You can drop hints etc, but if they don't respond in the way they should, at some point you just have to accept that that's the way they are and stop looking for more, because in the end you'll just end up resentful and hurt. It's sad, but sometimes I've found friends can be there for you more than family sometimes.

I'm not saying you should write you mum and dad off, just saying it would be better to accept that they're not necessarily going to give you the support you want, and you can only ask and then leave it up to them, and console yourself that you won't make the same mistakes they're making with your own children.

bibbitybobbityhat · 23/01/2011 15:38

Oh God, people can be astonishingly insensitive sometimes, and somehow it seems even more shocking when they are our parents, doesn't it dd?

I am always a little bit Hmm about grownups accepting money from their own parents.
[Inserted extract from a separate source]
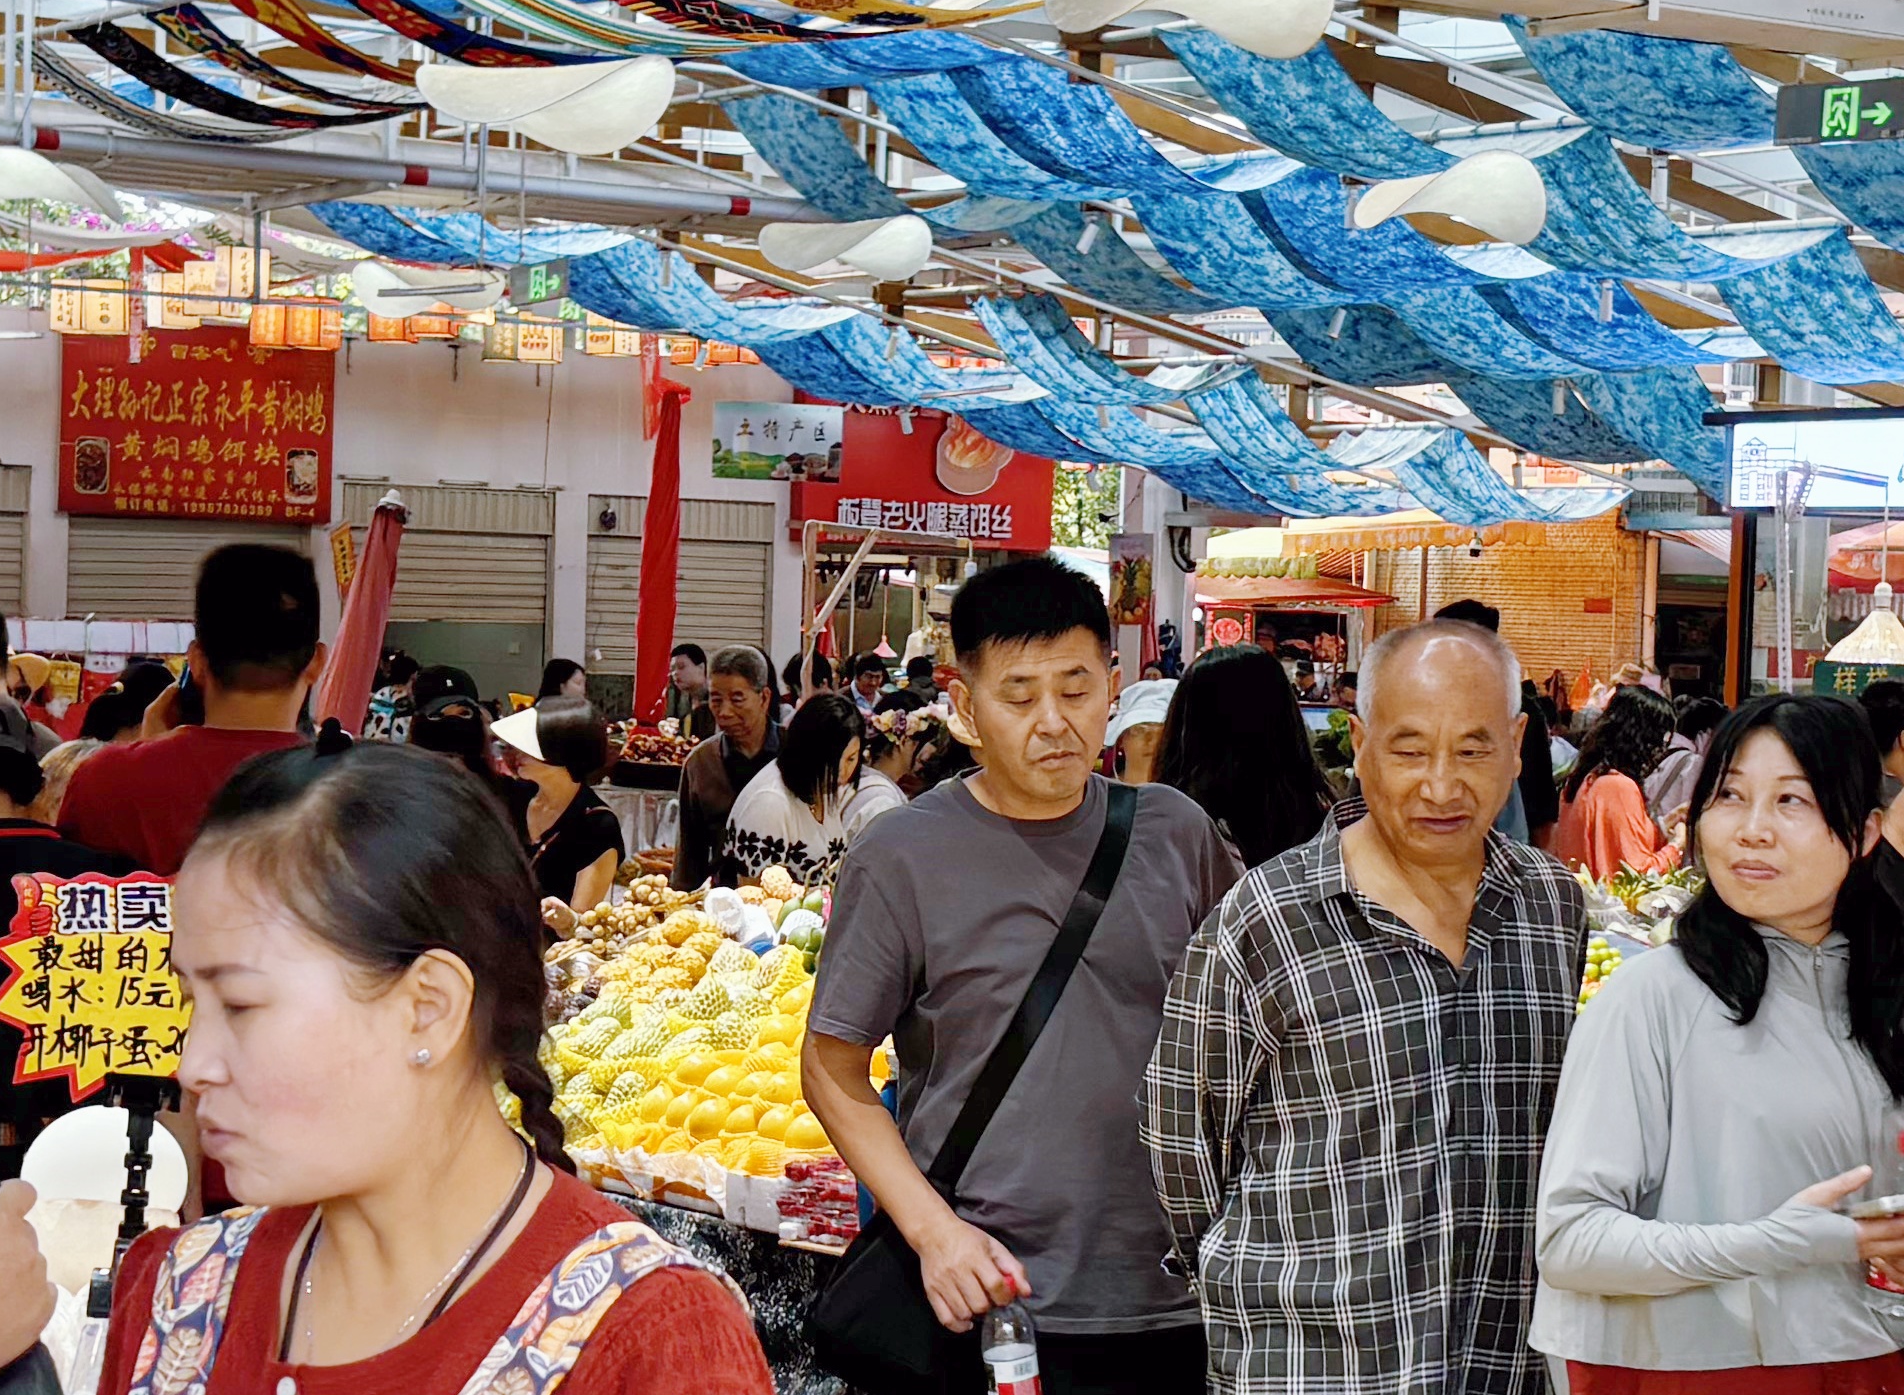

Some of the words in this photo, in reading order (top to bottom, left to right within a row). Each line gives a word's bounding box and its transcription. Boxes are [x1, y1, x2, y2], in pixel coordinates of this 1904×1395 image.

[59, 883, 169, 932] 热卖
[29, 932, 174, 977] 最甜的
I have several friends who have had big wodges of cash to do home improvements and the like, when we are all in our 30s and 40s and haven't been crippled by the current house price mess. Seems a bit, I don't know, infantile to me.

HOWEVER, I would gratefully accept money or financial support from my parents if I were really struggling, and I am sure my mother (at least) would offer it to me, even though I have reached the grand old age of 48 without having to ask her.
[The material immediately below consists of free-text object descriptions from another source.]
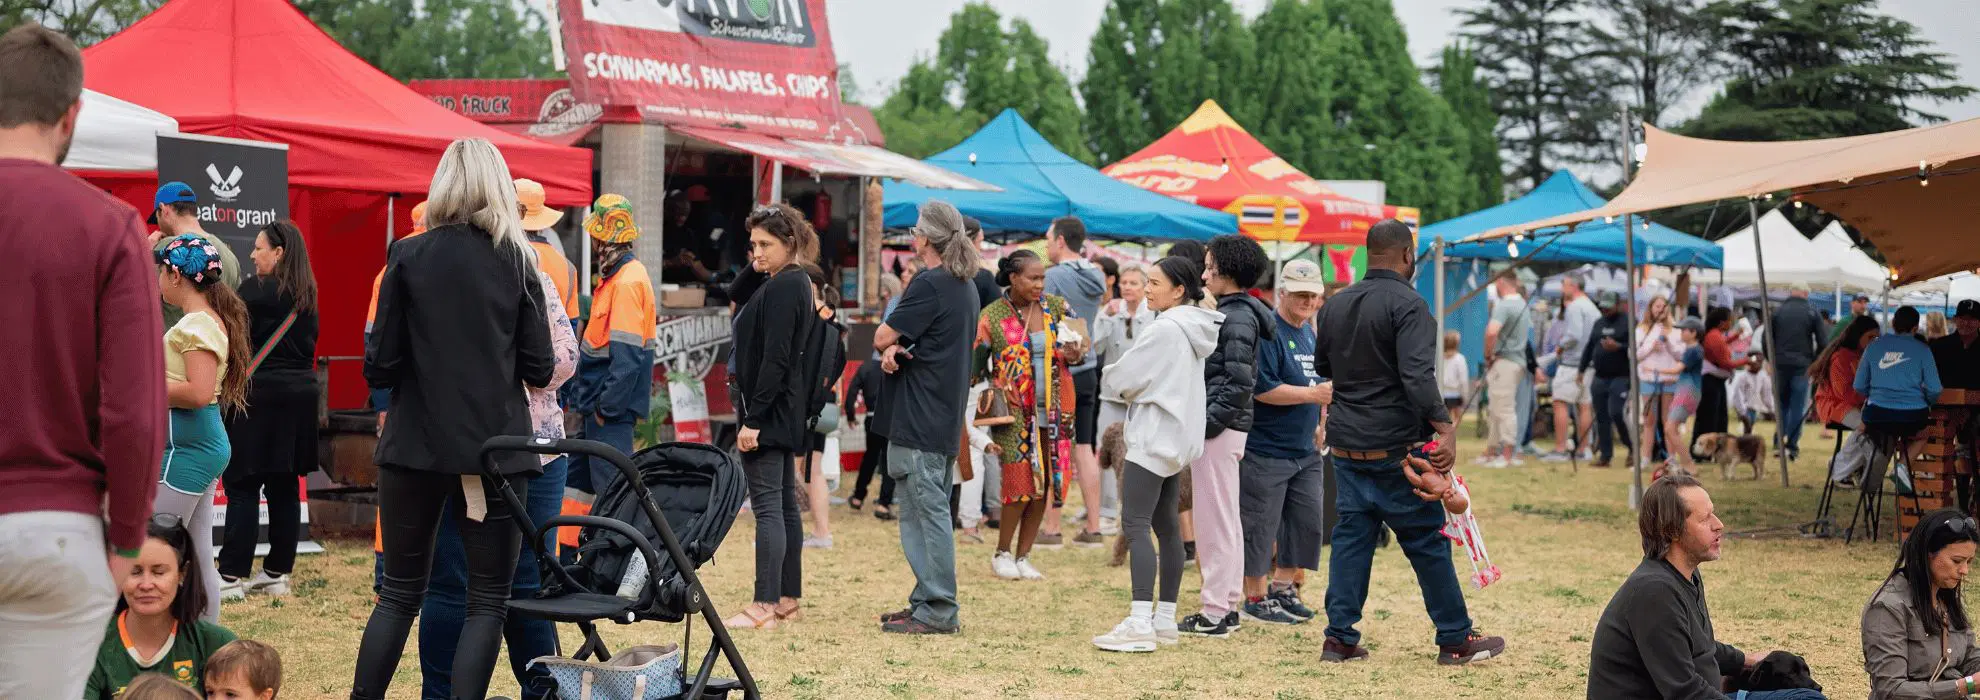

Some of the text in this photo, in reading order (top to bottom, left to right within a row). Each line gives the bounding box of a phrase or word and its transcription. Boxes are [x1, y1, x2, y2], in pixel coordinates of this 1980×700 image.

[710, 18, 772, 40] Schwarma
[583, 52, 699, 91] SCHWARMAS,
[786, 73, 830, 98] CHIPS
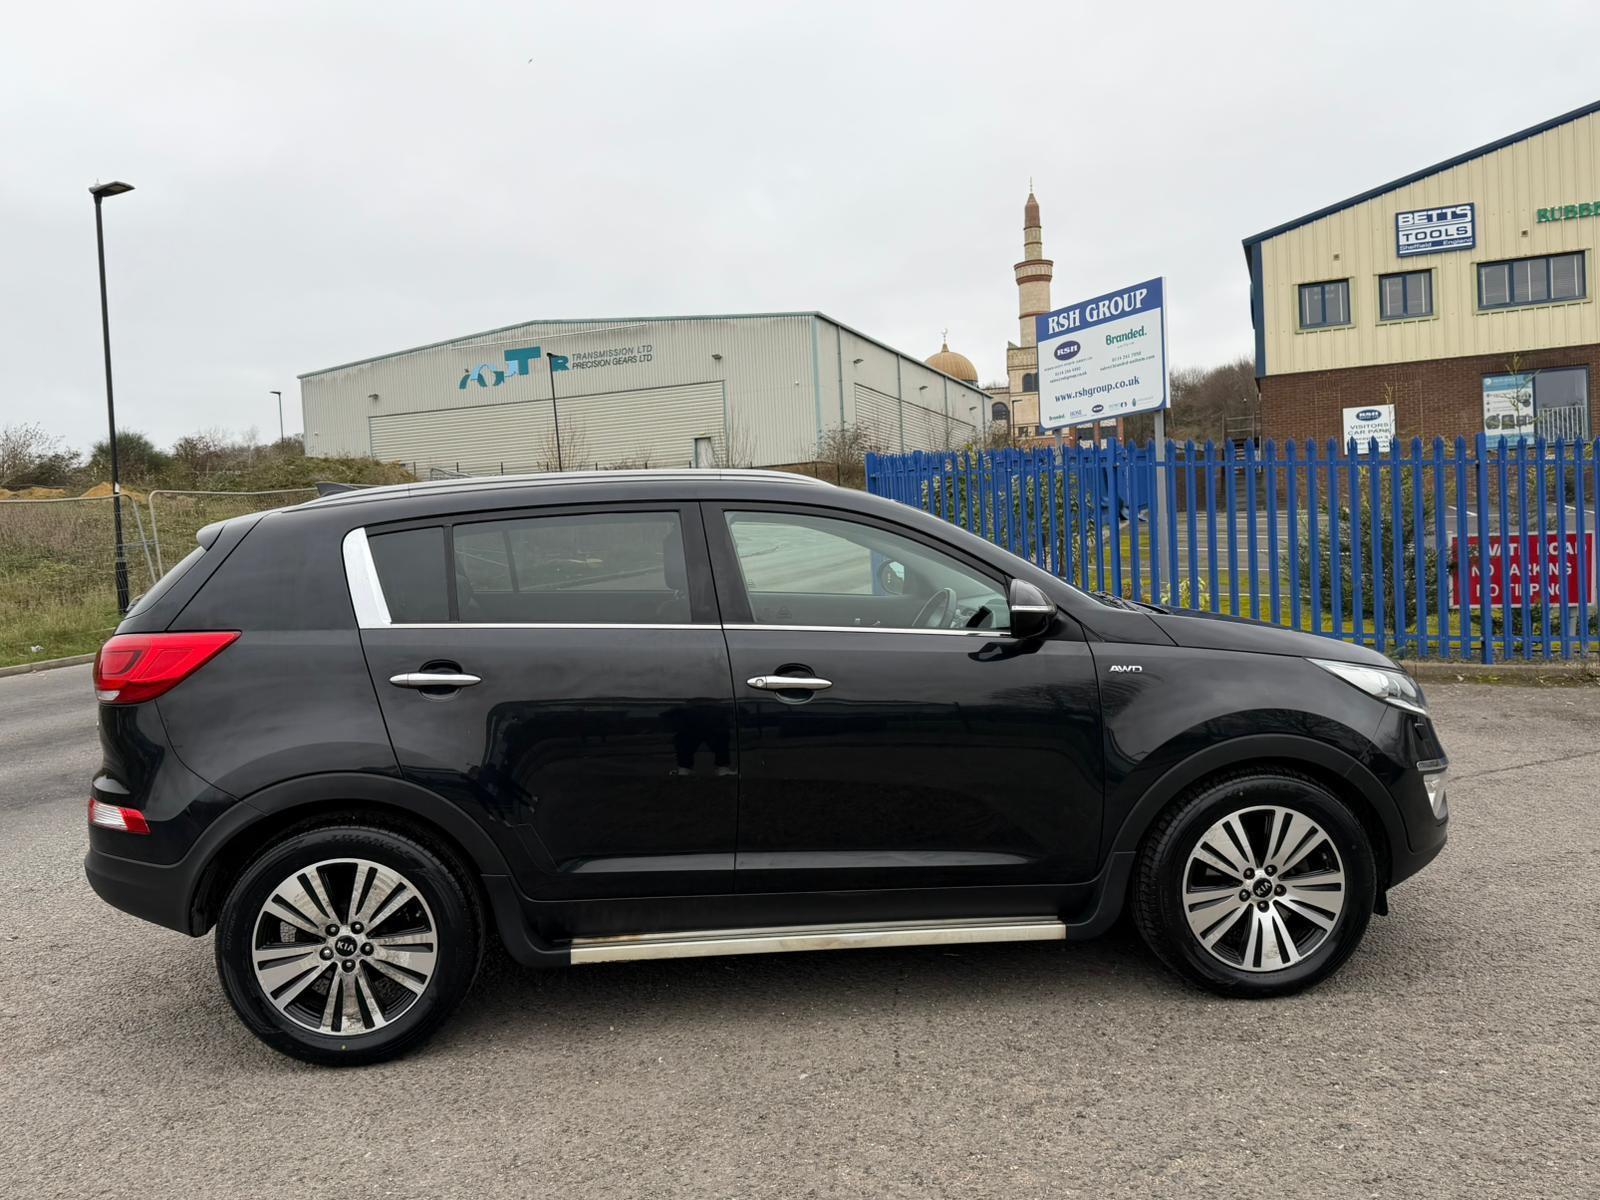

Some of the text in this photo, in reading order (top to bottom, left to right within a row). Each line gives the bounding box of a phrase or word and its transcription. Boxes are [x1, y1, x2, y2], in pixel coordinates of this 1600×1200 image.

[1398, 205, 1472, 225] BETTS
[1402, 226, 1468, 242] TOOLS
[1399, 237, 1472, 250] Sheffield England
[1048, 288, 1148, 335] RSH GROUP
[572, 344, 653, 361] TRANSMISSION LTD
[1057, 344, 1078, 356] RSH
[572, 354, 653, 370] PRECISION GEARS LTD
[1055, 375, 1140, 402] www.rshgroup.co.uk
[1350, 422, 1389, 430] VISITORS
[1109, 665, 1143, 673] AWD
[1255, 882, 1271, 896] KIA
[336, 941, 355, 952] KIA
I am not surprised your are hurt by your parents insensitivity.

I think you need to ask them directly about the cottage. Do you think they are worried your ds might damage their property in some way?

bibbitybobbityhat · 23/01/2011 15:40

Ha ha! don't know why I put dd there instead of op.
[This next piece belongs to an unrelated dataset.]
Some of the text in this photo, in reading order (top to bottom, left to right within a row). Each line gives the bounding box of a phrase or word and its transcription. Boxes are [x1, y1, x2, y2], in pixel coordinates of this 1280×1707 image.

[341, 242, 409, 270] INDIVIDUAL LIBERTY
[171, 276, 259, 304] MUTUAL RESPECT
AnyFucker · 23/01/2011 15:54

My parents are just like this

They are true narcissistic "show offs" who take pleasure in crowing about their "4th holiday this year" and get offended when I struggle to find the time (or inclination) to listen to the blow-by-blow account of every fucking interminable detail about all the fantastic things they have done, how bad the food was blah blah blah

They have never given me anything (except my existence...and I refuse to feel grateful for that) and have let me down repeatedly when I relied on them. I decided a long time ago, I don't want anything from them (financially or otherwise) and I feel a whole lot better for it.

I think you can only understand how shit it makes you feel if you have experienced it, tbh

So, YANBU

jenny60 · 23/01/2011 16:14

YANBU. My parents worked like dogs and are now retired. In all sorts of ways they had it much, much tougher than my inlaws (ie they had a maid, a nanny, no financial problems etc...) but guess who has helped out when we were desperate? My parents; when I've was really ill, in hospital for weeks when ds was really ill. MIL, who is very well off and healthy, literally refused to help when begged and told us to get a housekeeper Shock.

I can see why people are being critical of the OP, but I cannot imagine not helping my dc if thy needed it and I could. Why the hell not? I know they are not obliged to, but how could they not?

LyingWitchInTheWardrobe2726 · 23/01/2011 16:15

I would advise against trying to 'trick' them into babysitting. You'll only get to do that once and that might be it then.

What about next time they ask you if you need any help, say that you do - ask them what sort of help they would be happy to give you. When they respond, take them up on it.

You're being a bit unreasonable but it's understandable. Just try a tack that is not going to get your parents' backs up.